- _EXTRACTED MATERIAL_:
'''
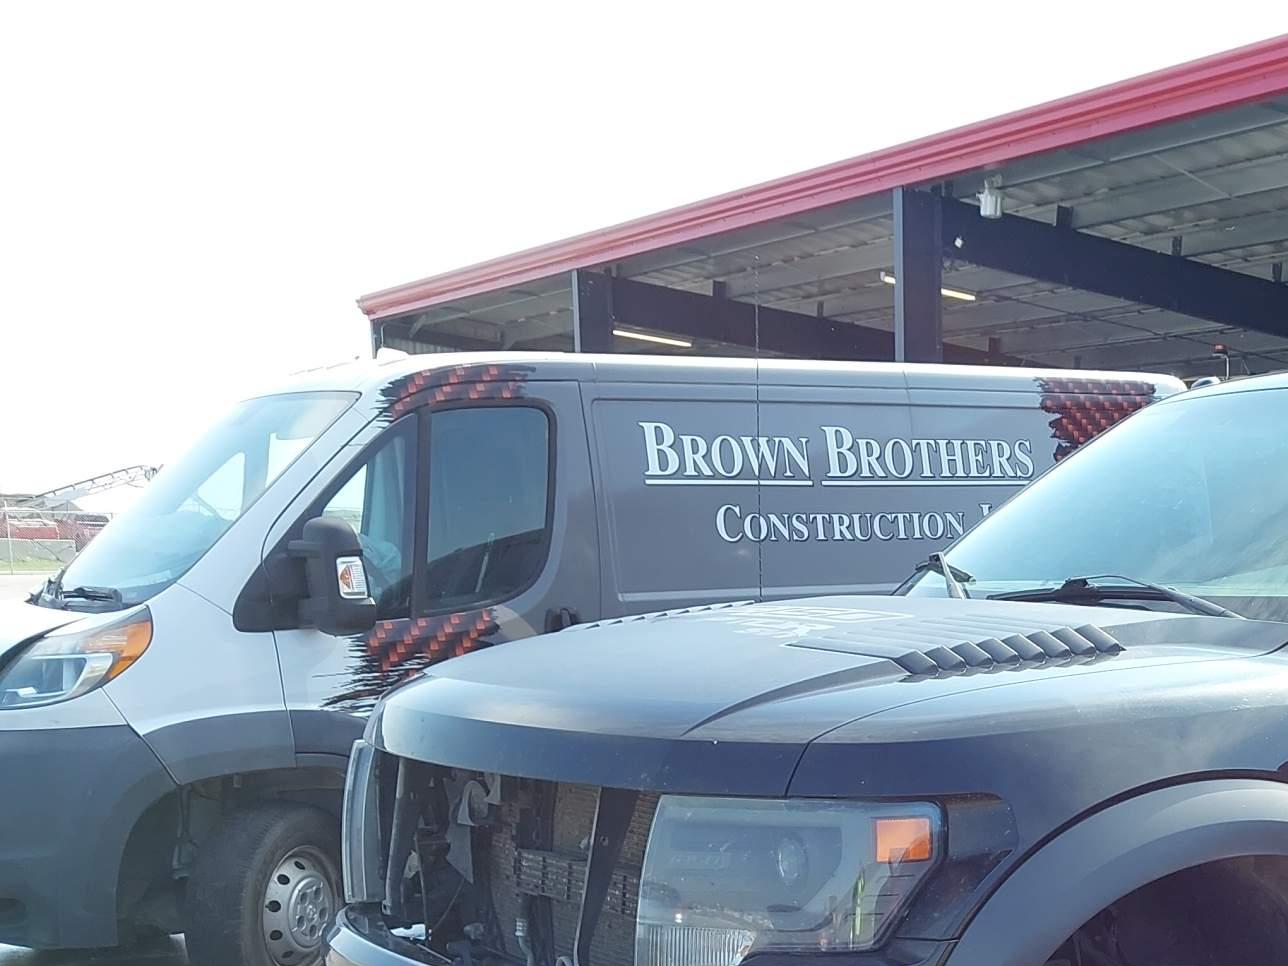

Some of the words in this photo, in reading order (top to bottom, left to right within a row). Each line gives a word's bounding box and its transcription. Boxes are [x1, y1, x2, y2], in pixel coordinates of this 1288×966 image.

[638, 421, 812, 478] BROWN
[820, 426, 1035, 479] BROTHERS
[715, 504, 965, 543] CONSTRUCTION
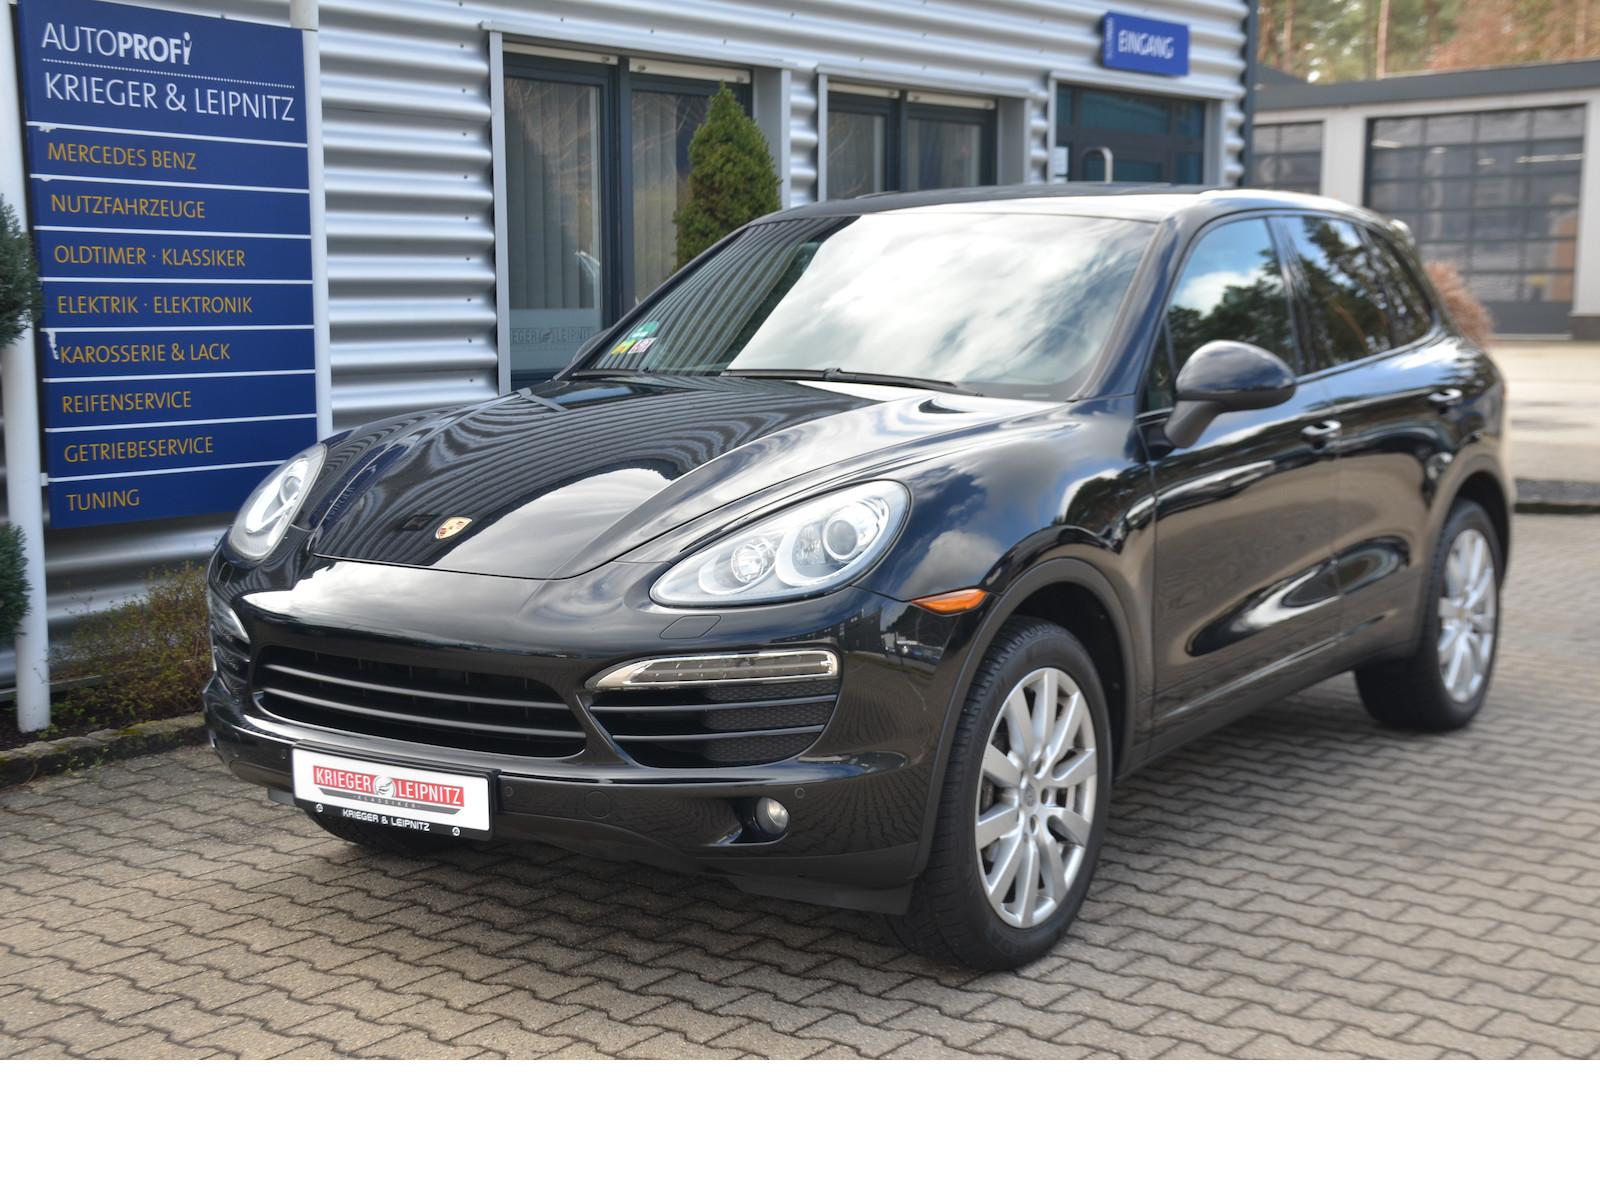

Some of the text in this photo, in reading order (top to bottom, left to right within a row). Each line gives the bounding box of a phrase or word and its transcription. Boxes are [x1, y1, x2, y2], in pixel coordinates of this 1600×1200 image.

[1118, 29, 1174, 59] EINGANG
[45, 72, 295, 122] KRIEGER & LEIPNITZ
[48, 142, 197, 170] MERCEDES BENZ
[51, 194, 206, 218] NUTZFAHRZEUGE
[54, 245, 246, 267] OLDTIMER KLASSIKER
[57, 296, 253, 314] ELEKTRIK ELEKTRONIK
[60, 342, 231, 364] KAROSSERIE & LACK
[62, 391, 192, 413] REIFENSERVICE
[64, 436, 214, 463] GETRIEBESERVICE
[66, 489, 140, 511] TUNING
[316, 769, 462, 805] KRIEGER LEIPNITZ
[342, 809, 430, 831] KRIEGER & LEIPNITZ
'''
Restate each line of the material word for word, skipping any picture.

- _COMPLETED TASK_:
Some of the words in this photo, in reading order (top to bottom, left to right within a row). Each line gives a word's bounding box and its transcription. Boxes are [x1, y1, x2, y2], in pixel coordinates of this 1288×966 image.

[638, 421, 812, 478] BROWN
[820, 426, 1035, 479] BROTHERS
[715, 504, 965, 543] CONSTRUCTION

Some of the text in this photo, in reading order (top to bottom, left to right within a row). Each line gives the bounding box of a phrase or word and its transcription. Boxes are [x1, y1, x2, y2], in pixel coordinates of this 1600×1200 image.

[1118, 29, 1174, 59] EINGANG
[45, 72, 295, 122] KRIEGER & LEIPNITZ
[48, 142, 197, 170] MERCEDES BENZ
[51, 194, 206, 218] NUTZFAHRZEUGE
[54, 245, 246, 267] OLDTIMER KLASSIKER
[57, 296, 253, 314] ELEKTRIK ELEKTRONIK
[60, 342, 231, 364] KAROSSERIE & LACK
[62, 391, 192, 413] REIFENSERVICE
[64, 436, 214, 463] GETRIEBESERVICE
[66, 489, 140, 511] TUNING
[316, 769, 462, 805] KRIEGER LEIPNITZ
[342, 809, 430, 831] KRIEGER & LEIPNITZ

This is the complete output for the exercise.